Biz dış politikayı ilkeler çerçevesinde gerçekleştiriyoruz. Arkasında kim durursa dursun, geçmişte orada yeni Ortadoğu'nun planları yapıldı, onun olmayacağı görülüyor. Tek başına İsrail, arkamda falanca var dediği herşey İsrail'in başına derde sokmuştur. Kalıcı çözüm istiyorlar maksimalist isteklerinden vazgeçmeleri lazım. Biz Türkiye olarak dünyadaki bütün ülkeler bizim kadar egemen ve bizim kadar eşittir. Burada tavsiyemiz, yayılmacı, agresif ve başkalarını adam saymayan bu tavırlarından vazgeçmeleri lazımdır.
‘Taliban herkesi kuşatacak adımlar atmalıdır’
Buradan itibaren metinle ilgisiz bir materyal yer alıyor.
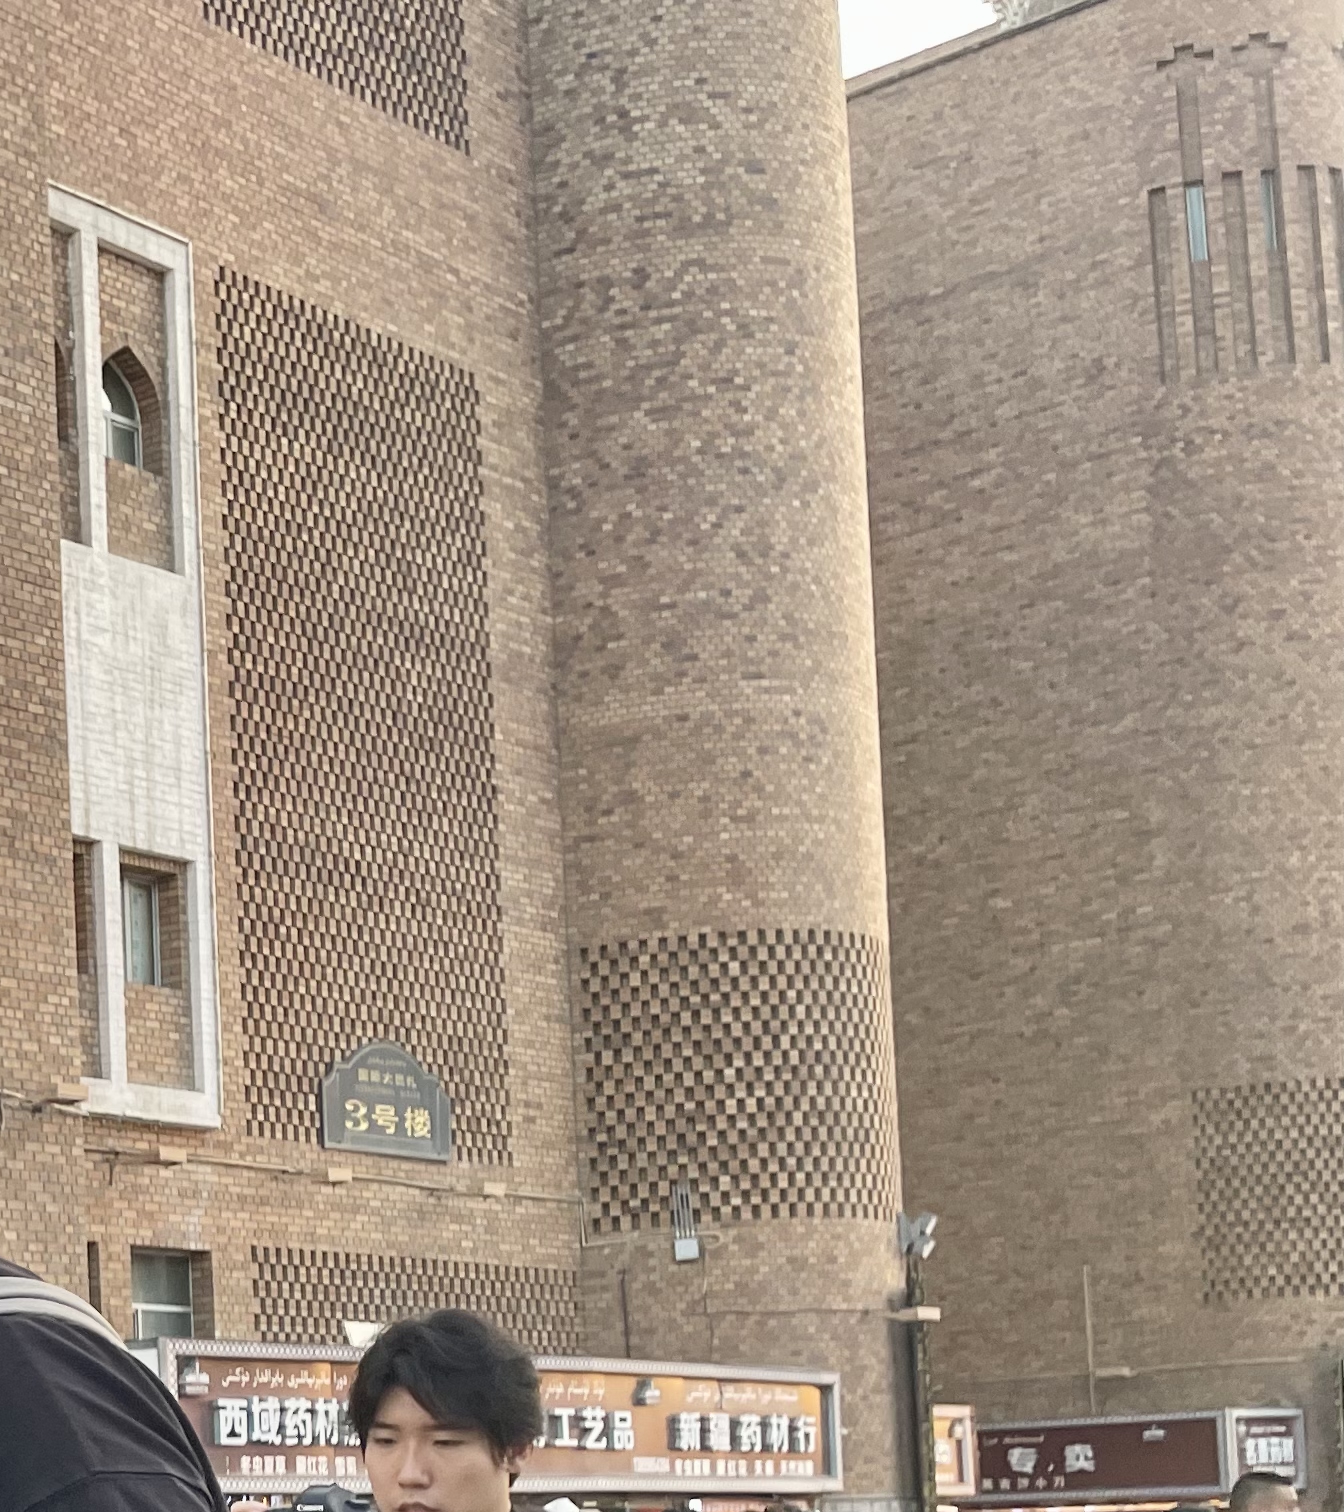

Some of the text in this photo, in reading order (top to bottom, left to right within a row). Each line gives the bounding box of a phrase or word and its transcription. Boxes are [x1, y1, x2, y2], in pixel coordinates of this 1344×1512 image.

[344, 1099, 432, 1139] 3号楼
[536, 1406, 635, 1450] 工艺品
[677, 1410, 818, 1454] 新疆药材行
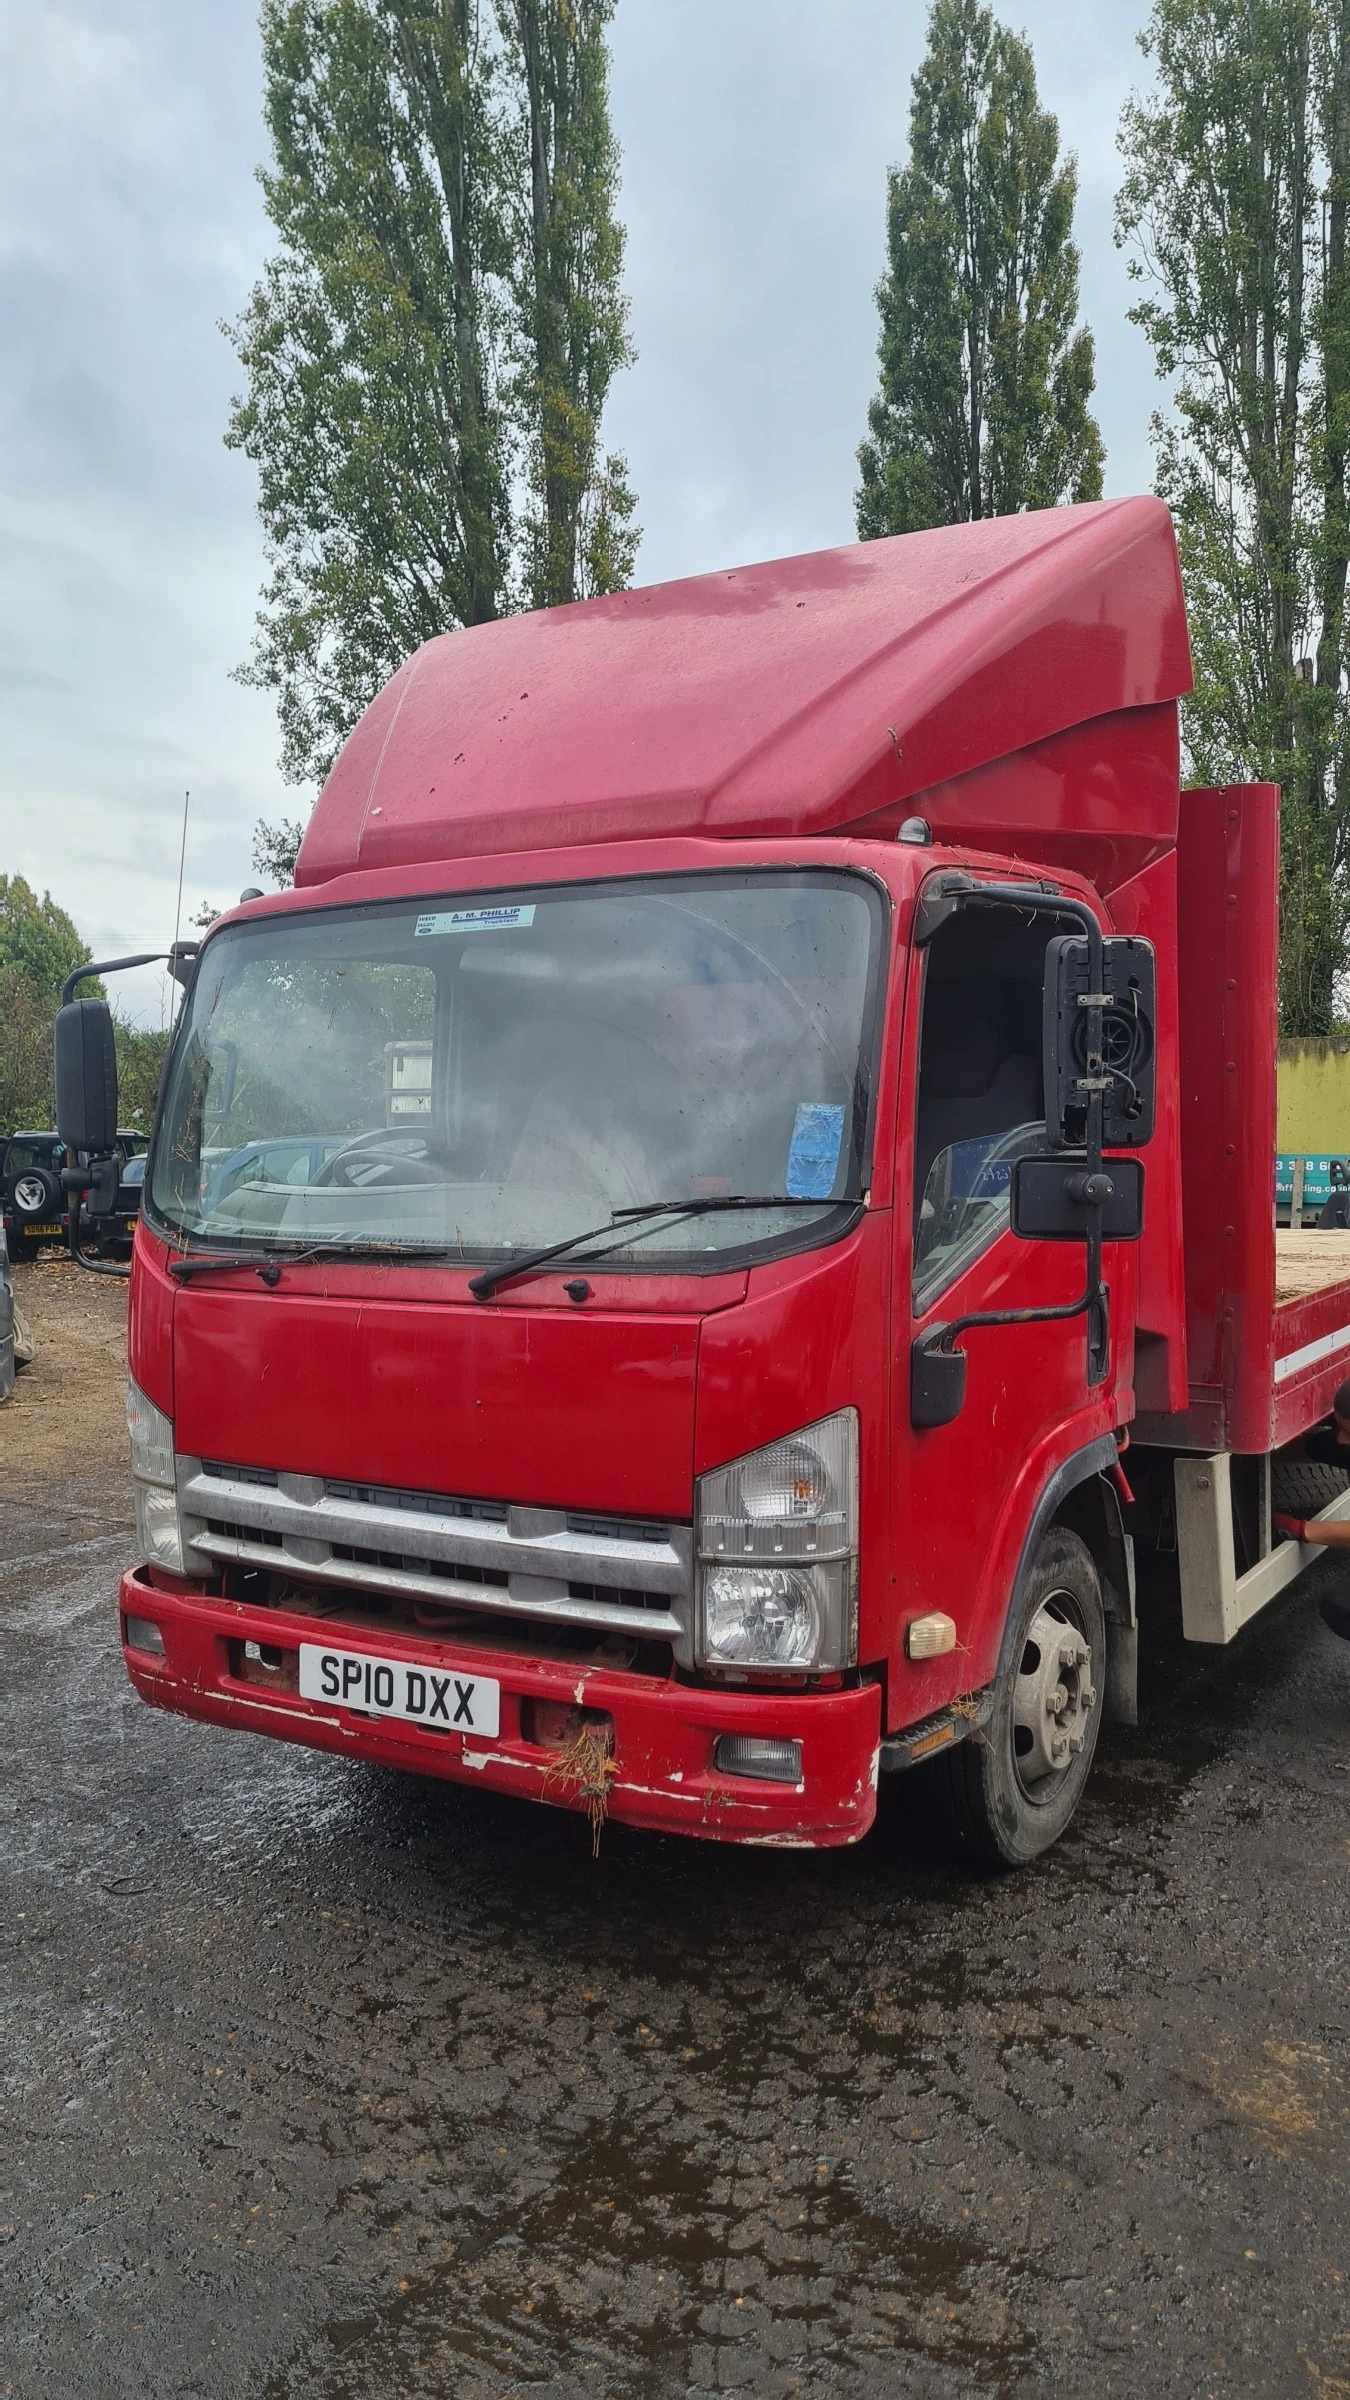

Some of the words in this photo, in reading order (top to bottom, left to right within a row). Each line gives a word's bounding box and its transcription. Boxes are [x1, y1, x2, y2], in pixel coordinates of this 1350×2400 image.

[480, 908, 521, 917] PHILLIP
[321, 1655, 394, 1708] SP10
[406, 1671, 475, 1725] DXX
ABD'nin apar topar Afganistan'dan çekilmesini dünya tarihi için önemli kırılma noktalarından birisi olarak görüyorum. Afganistan uzun süre Rusların işgalinde kaldı, arkasından 20 küsuryıl Amerika'nın işgali altında kaldı. Taliban'a silah vereceğinize o parayı eğitim ve sağlık hizmetlerine harcasaydınız. Emperyalizmin ülke halklarının durumunun iyileşmesine hiçbir katkısı yoktur. Burada Amerika'nın çıkmasıyla birlikte emperyalizm bir kez daha gerilemiştir. Bundan sonra sorumlluk Taliban'ın üstündedir. Toplumun bütün farklı kesimlerini kuşatacak bir rejim kurması lazımdır. İnsan hak ve onuruna saygılı bir Afganistan'ı geliştirmeleri lazımdır. Afganistan bütün Orta Asya ülkelerine ilham kaynağı olabilir. Taliban'ın kendisini ispat edecek ve kapsayıcılığı ortaya koyacak adımlar atması lazımdır.